Mike,
I have read many threads regarding insulation. I have attempted to absorb all of this knowledge in order to make an informed decision. I have several quotes for fiberglass batts, but do not want to use it. I have one quote for icynene and just about fell over when I saw the $20,000+ price tag. I had expected a higher price, but not that high.
I also had the pleasure of seeing the photographs that you posted from a small cape that you did in RI. I saw all of the work that you put into making the cellulose dams, the loose cellulose in the attic and the dense pack in the walls.
My questions are:
Instead of all that loose fill in the attic, could I have the underside of the roof sprayed with icynene and dense pack the walls with cellulose to create an effective insulation envelope?
My reasoning for this plan was to avoid the loose fill on the attic floor. This leads to my second question, will I still need to have insulation in the ceiling between the second floor and the attic if the underside of the roof is sprayed with icynene?
I have enjoyed reading your thoughts on this matter and know that you are pro-cellulose. You’ve turned me pro cellulose but those dams around the vents and what do you do with recessed lighting? My final question is this, Can I tackle a 3200 square foot home with rental equip? I don’t think I would get a return on buying a used machine for a onetime use. Thanks and I look forward to hearing from you.
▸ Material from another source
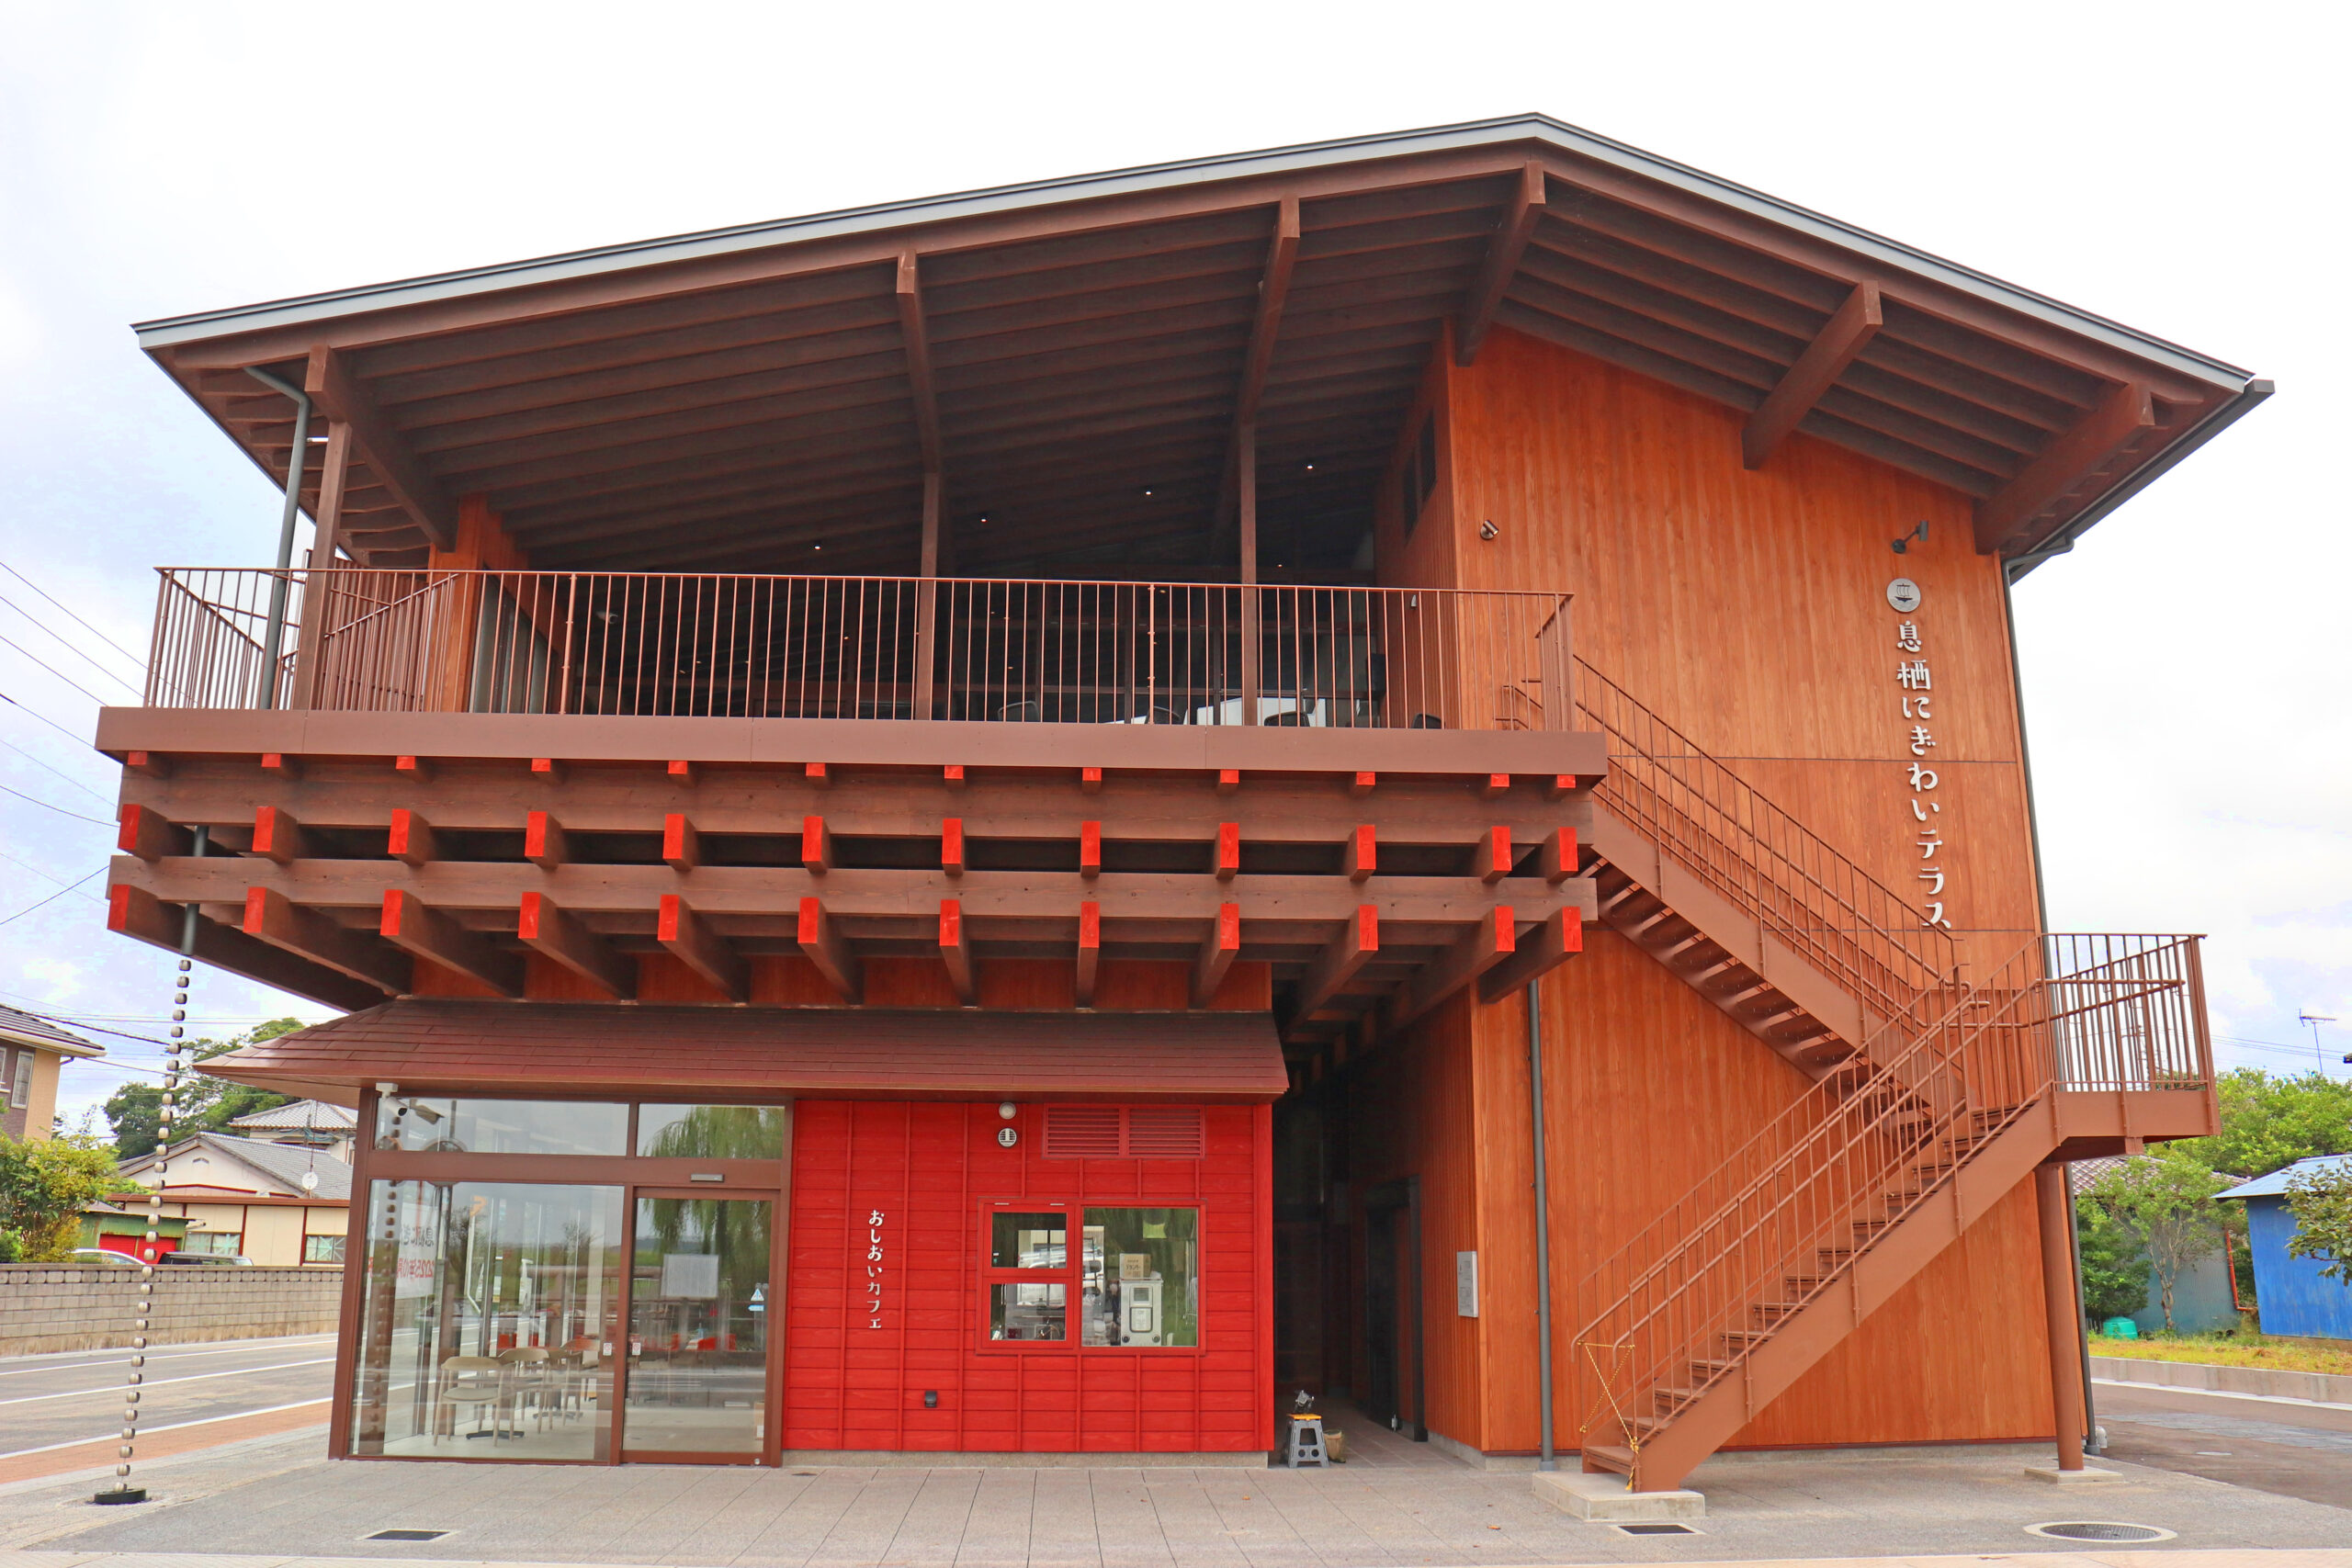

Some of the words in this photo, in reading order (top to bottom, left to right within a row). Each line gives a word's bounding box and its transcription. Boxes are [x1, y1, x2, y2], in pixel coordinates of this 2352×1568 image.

[1896, 620, 1951, 929] 息栖にぎわいテラス
Thanks, kennyg
Replies
wow... kennyg..
hey, man.. can i have your autograph ?
in no particular order.. and i hope someone else jumps in , too..
can lights... use the IC rated ones.. no problem
attics with loose fill.. depends on what you want ot use the attic for.. if you want light storage up there .. we build a raised floor in the storage area...
say you have 2x8 attic floor joists .. adn you build a cross floor with 2x8 @ 24" oc with a 1/2" ply floor ... now you have 16" of cellulose under the floor.. and at the edges you can have more.. just build some damns
our attic is like that..
what do you do.. are you in the trades ?
where do you live... you could buy a used machine.. or buy a new one and sell it when you're done.. or you can go to your cellulose supplier.. find out where the insulation contractors buy their cellulose..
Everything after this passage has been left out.